Re: @ CGordy - Re:sure, no problem

[CGordy]

Without disagreeing with you, the point I was trying to make was that SIS or safety systems are hard wired and so are not physically capable of being connected to the internet, but (at least on the plants I've worked on) DCS data is available remotely via the company VPN. It is always possible to do financial damage by entering incorrect DCS setpoints, but it shouldn't be possible to compromise the plant safety (in a perfect world, anyway).

Obviously, my experience is in refining and chemicals, not nuclear, so the way control rooms are managed is probably different. I also suspect there is a difference in terminology, as I wouldn't class someone without a four year degree an engineer, but that's another discussion entirely.

It may be of interest to consider....

... an analog computer in this context.

When younger, I was one of a team supporting the installation of the first copy of Babbage's Difference Engine in the Science Museum (London). An interesting, but little appreciated feature is that, once set in operation, any repositioning of the counting gear mechanism causes the whole machine to lock up.

This was initially seen as a design fault, but later we considered it to be an intended feature. The machine is operated by rotating handles a number of times, and this work would usually be designated to a servant. If the servant found that he could reposition the counting mechanism to make it look as if he had rotated the handles several thousand times when he had not done so, it is likely that this would be used as a method of avoiding work, with consequent error in the calculation.

Important computer security tip from the 1820s - human maliciousness and laziness has not changed, and physical analog systems are just as prone to attack as digital electronic ones; only the vector will be different...

If they ever heard of the idea...

[whitroth]

Several years ago, here in DC, I went to a forum about security and the Internet. On the panel were staffers from then-Sen. Kerry, and from a House committee. After it was over, I went up and spoke to each, individually, and neither had ever *heard* of the concept of an air gap between controls and the 'Net... and we were speaking of nuclear power plants, etc.

Ignorance and "cost savings" make *great* insecurity vectors.

                  mark

Nice

For on-call pay and two hour's minimum for getting a call? Hell yes.

Why analog?

[Khashishi]

The author seems to be assuming that since all digital systems have vulnerabilities, analog systems should be used. But analog systems have vulnerabilities, too.
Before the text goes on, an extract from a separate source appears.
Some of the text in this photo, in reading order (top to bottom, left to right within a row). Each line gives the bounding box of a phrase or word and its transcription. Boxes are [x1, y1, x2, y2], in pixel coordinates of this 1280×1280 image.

Re:What a pathetic uninformed crock of sh ar

Analog refers to systems with an infinite number of states

a 3rd grader who write[sic] with technical words to look smart

uh huh

Re:besides digital or analog, for safety, use phys

[budgenator]

Is a piece of wax melting analog, or something else entirely?

Analog, to be digital the wax would have to be eutectic, some waxes do come close.
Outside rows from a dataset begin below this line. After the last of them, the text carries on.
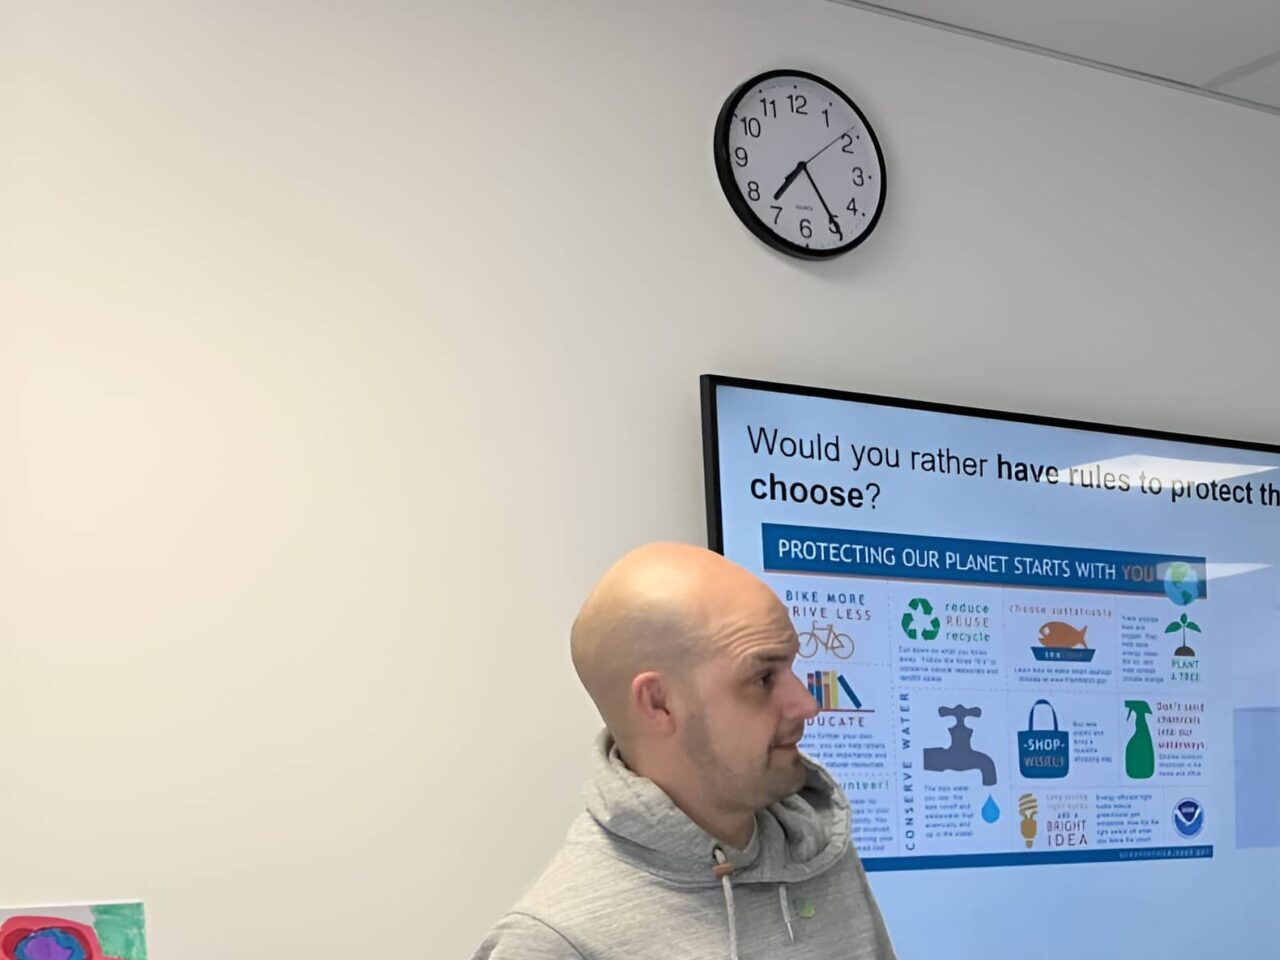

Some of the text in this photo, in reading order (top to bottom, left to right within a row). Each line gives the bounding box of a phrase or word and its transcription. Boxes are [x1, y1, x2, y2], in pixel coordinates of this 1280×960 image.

[760, 98, 777, 118] 11
[787, 95, 808, 115] 12
[740, 117, 761, 138] 10
[841, 133, 854, 154] 2
[735, 147, 748, 167] 9
[852, 167, 865, 187] 3
[748, 181, 761, 201] 8
[770, 205, 783, 224] 7
[846, 198, 858, 216] 4
[800, 218, 813, 238] 6
[747, 425, 840, 462] Would
[851, 443, 899, 472] you
[911, 448, 988, 478] rather
[997, 453, 1059, 485] have
[1068, 464, 1131, 492] rules
[1139, 468, 1163, 496] to
[1171, 478, 1253, 505] protect
[750, 472, 881, 509] choose?
[778, 538, 896, 567] PROTECTING
[902, 548, 940, 569] OUR
[945, 551, 1008, 574] PLANET
[1014, 557, 1070, 577] STARTS
[1075, 562, 1116, 580] WITH
[786, 590, 865, 606] BIKE MORE
[945, 602, 989, 613] reduce
[787, 606, 872, 621] RIVE LESS
[946, 631, 990, 643] recycle
[804, 717, 864, 727] DUCATE
[901, 693, 915, 850] CONSERVE WATER
[1046, 820, 1086, 832] BRIGHT
[1048, 834, 1087, 847] IDEA
Because Phreaking Did Not Exist

Really?

Triconex SIS

[iMactheKnife]

I'm the original VP R&D of Triconex and developer of the triplicated fault-tolerant industrial control system.

These systems have NO single points of failure, not even the power supplies, and each independent CPU is "educated" from the other verified good boards. There is no commercial operating system in these computers. They run a combination of Relay Ladder Logic and Analog Control System usually downloaded from a Wonderware or XCell application in a PC and run-tested on the actual plant machinery..

The vulnerability would be in the PC end, if those PC's are running unprotected interfaces to the Web. The PC control systems must not be connected to the Web, and the actual control application in the control computers should be programmed with automatic safety shutoffs and overrides which do not depend on the PC connections. The applications I oversaw were set up that way.